Thursday, October 30, 2008

"The Other Shakespeare"

FOR IMMEDIATE RELEASE
Contact: Karen Evans, Karen Evans Management (Plummer, Biederman)
(323) 933-9218
Jessica Regel, Jean V. Naggar Literary Agency (Anderson)
(212) 794-1082

"THE OTHER SHAKESPEARE" OPTIONED FOR TELEVISION


NEW YORK, N.Y., Oct. 30, 2008 -- Imagine if an Elizabethan Hamlet had actually written Hamlet, or if a love-scarred veteran of Montague/Capulet street wars in London had in fact written Romeo and Juliet. A recent book, newly optioned for television, tells this very story.

Shakespeare's celebrated plays are, according to the 2005 book "Shakespeare" By Another Name (Gotham Books), remarkably autobiographical. And, say screenwriters John Christian Plummer and James Biederman, this astonishing (and controversial) new perspective also holds tremendous promise for some ground-breaking television.

Plummer (recent subject of a PBS documentary about his critically acclaimed production of Twelfth Night for the Hudson Valley Shakespeare Festival) and Biederman (veteran executive producer for television series such as The Kids in the Hall and The Whitest Kids U Know) are currently developing several projects for television and collaborating on an unrelated feature screenplay for Academy Award winning producer Wendy Finerman.

Their new television series option of "Shakespeare" By Another Name, says Plummer, "is the sort of thing Shakespeare -- de Vere -- would be proud of. We're using a mass medium to tell an incredibly elevated but at the same time tremendously entertaining story.

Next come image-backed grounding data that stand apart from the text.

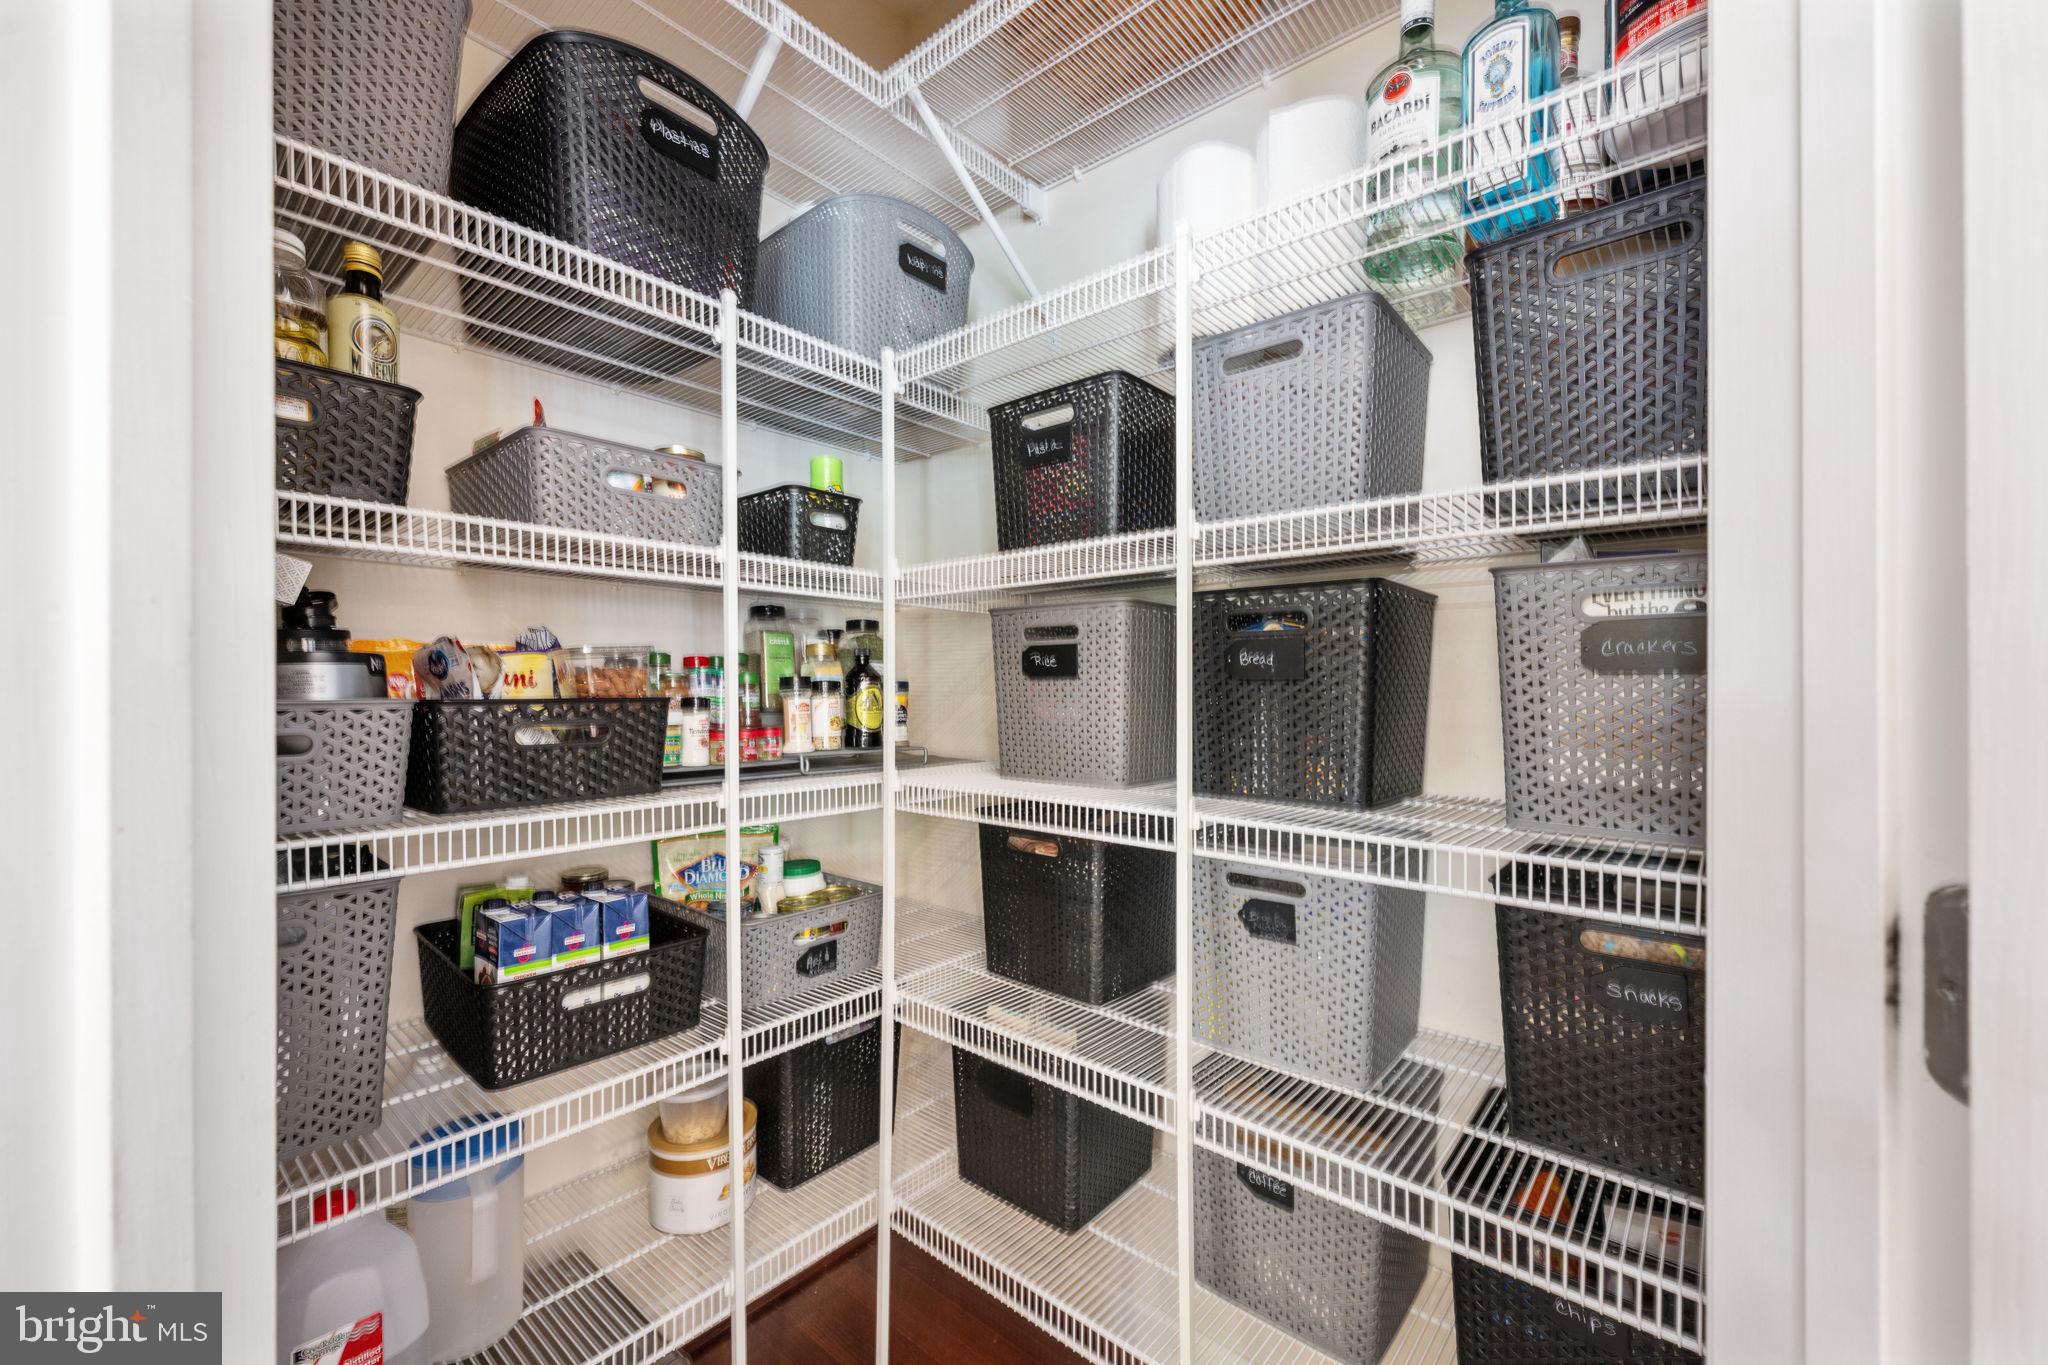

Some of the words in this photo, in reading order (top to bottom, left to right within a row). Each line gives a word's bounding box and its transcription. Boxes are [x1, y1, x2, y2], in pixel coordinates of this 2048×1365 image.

[1370, 93, 1431, 136] BACARDÍ
[1239, 648, 1274, 667] Bread
[701, 856, 728, 873] BLU
[1606, 983, 1683, 1012] Snacks
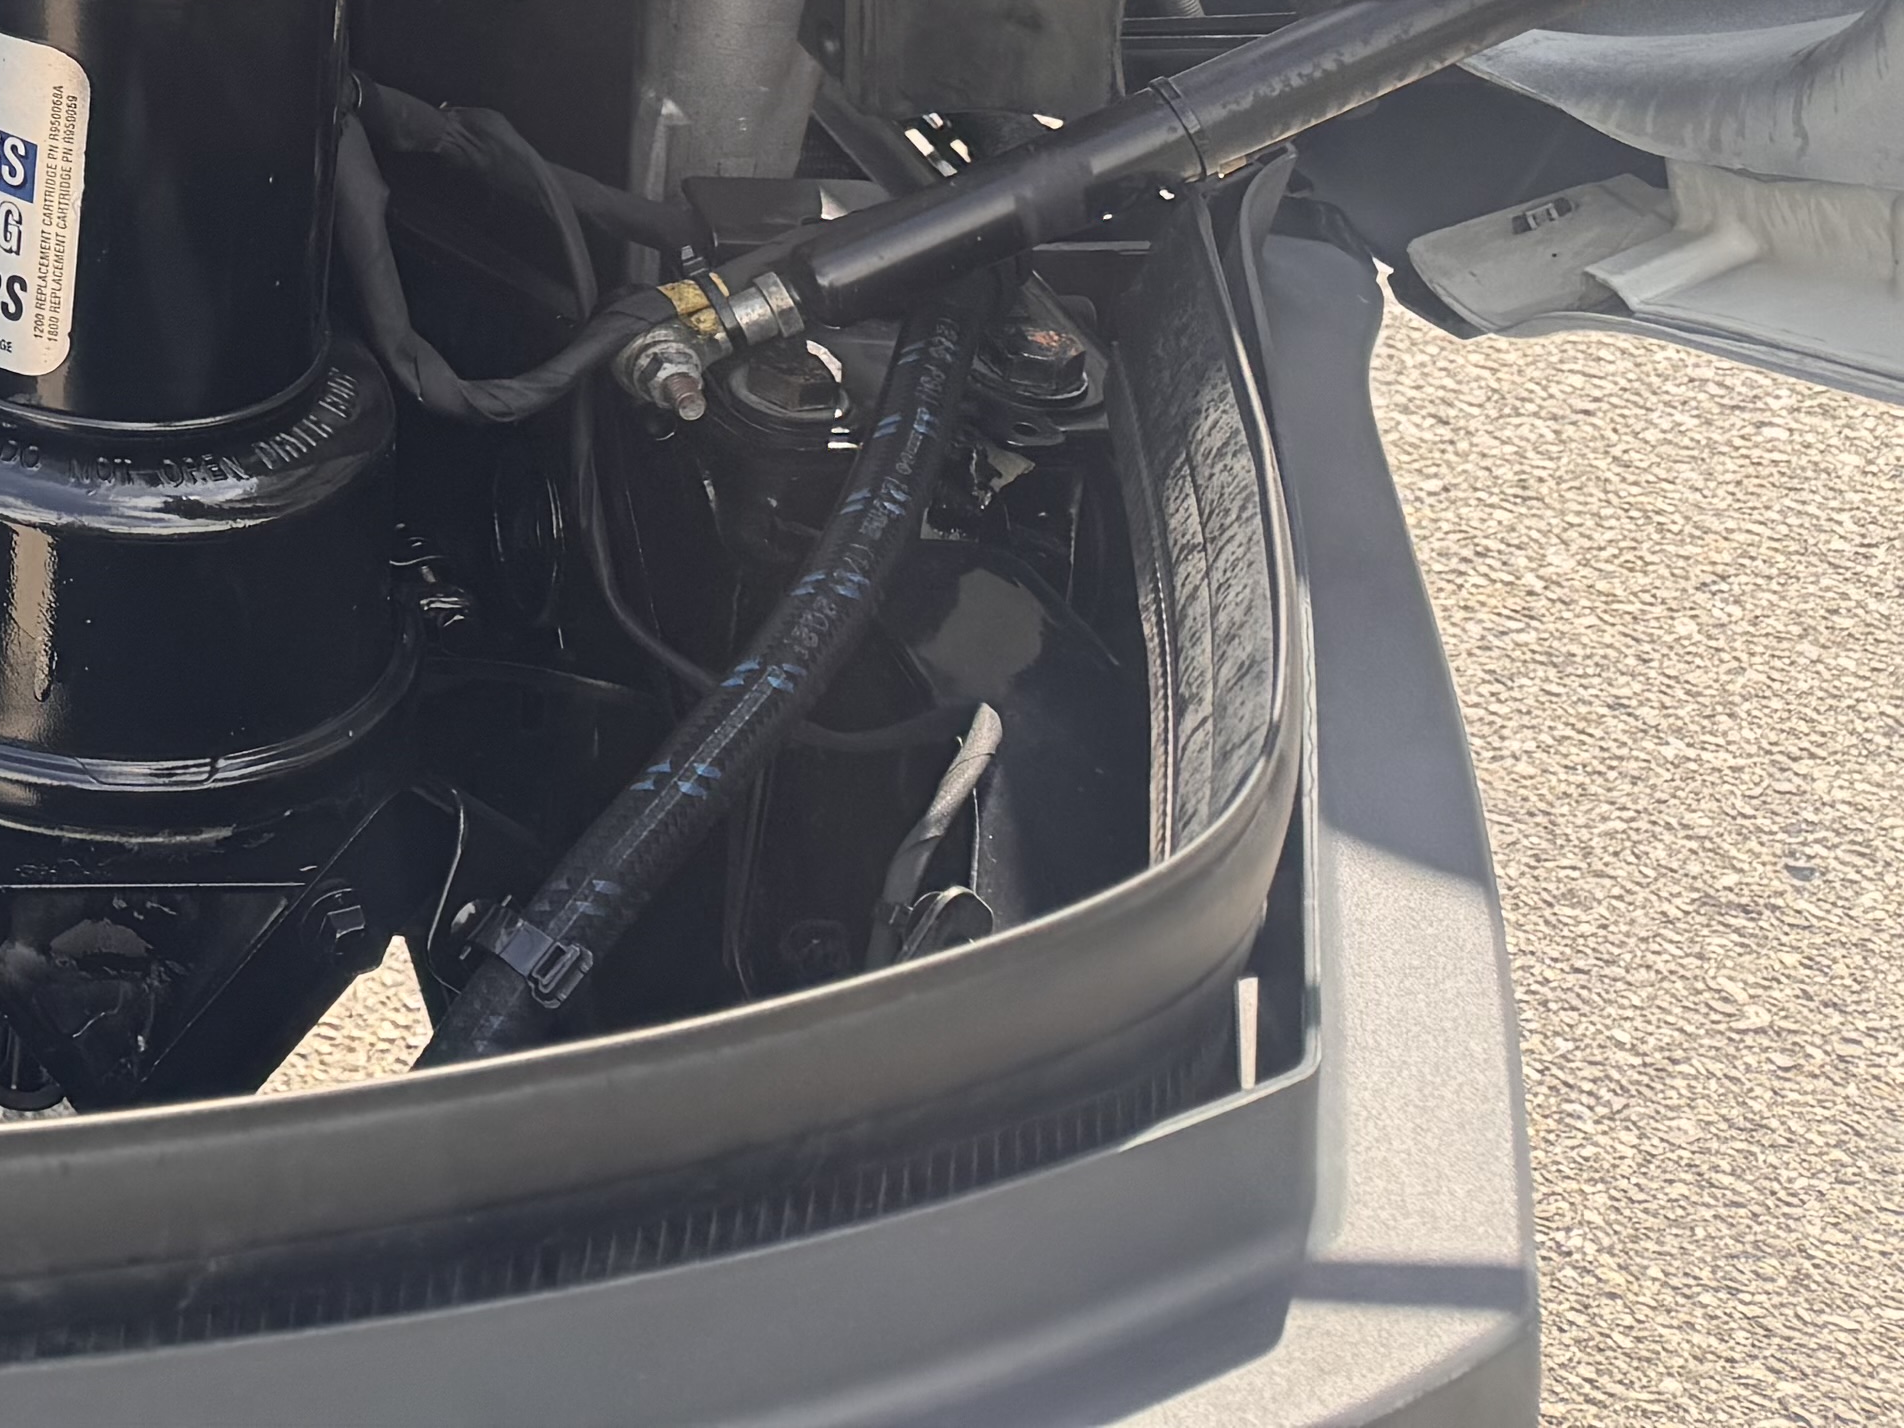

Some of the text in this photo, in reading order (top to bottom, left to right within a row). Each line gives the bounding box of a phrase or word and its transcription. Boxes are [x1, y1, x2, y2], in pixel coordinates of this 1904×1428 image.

[48, 144, 59, 161] PN
[43, 162, 58, 228] CARTRIDGE
[58, 165, 73, 231] CARTRIDGE
[35, 231, 52, 311] REPLACEMENT
[50, 234, 67, 316] REPLACEMENT
[33, 313, 46, 340] 1200
[47, 317, 59, 342] 1800

And at the same time, we're taking on one of the world's biggest sacred cows."

"Shakespeare" By Another Name tells the epic life story of the courtly poet and playwright, Edward de Vere, Earl of Oxford, both in Queen Elizabeth I's inner circle in England as well as across Europe, visiting many of the Italian and French cities and locations that would later be immortalized under the byline "Shakespeare." A growing number of scholars have suspected de Vere was in fact the author of the Bard's plays and poems.

"Shakespeare" By Another Name author Mark Anderson says that in book-signings and lectures across the U.S. and around the world over the past three years, he has often heard audience members say they wish de Vere's adventurous life could be brought to the screen. "I keep hearing that the Shakespearean mini-dramas, comedies and tragedies found within Edward de Vere's biography seem practically ready-made for movies or television," he says. "Well, to that we can now reply, 'The game's afoot.'"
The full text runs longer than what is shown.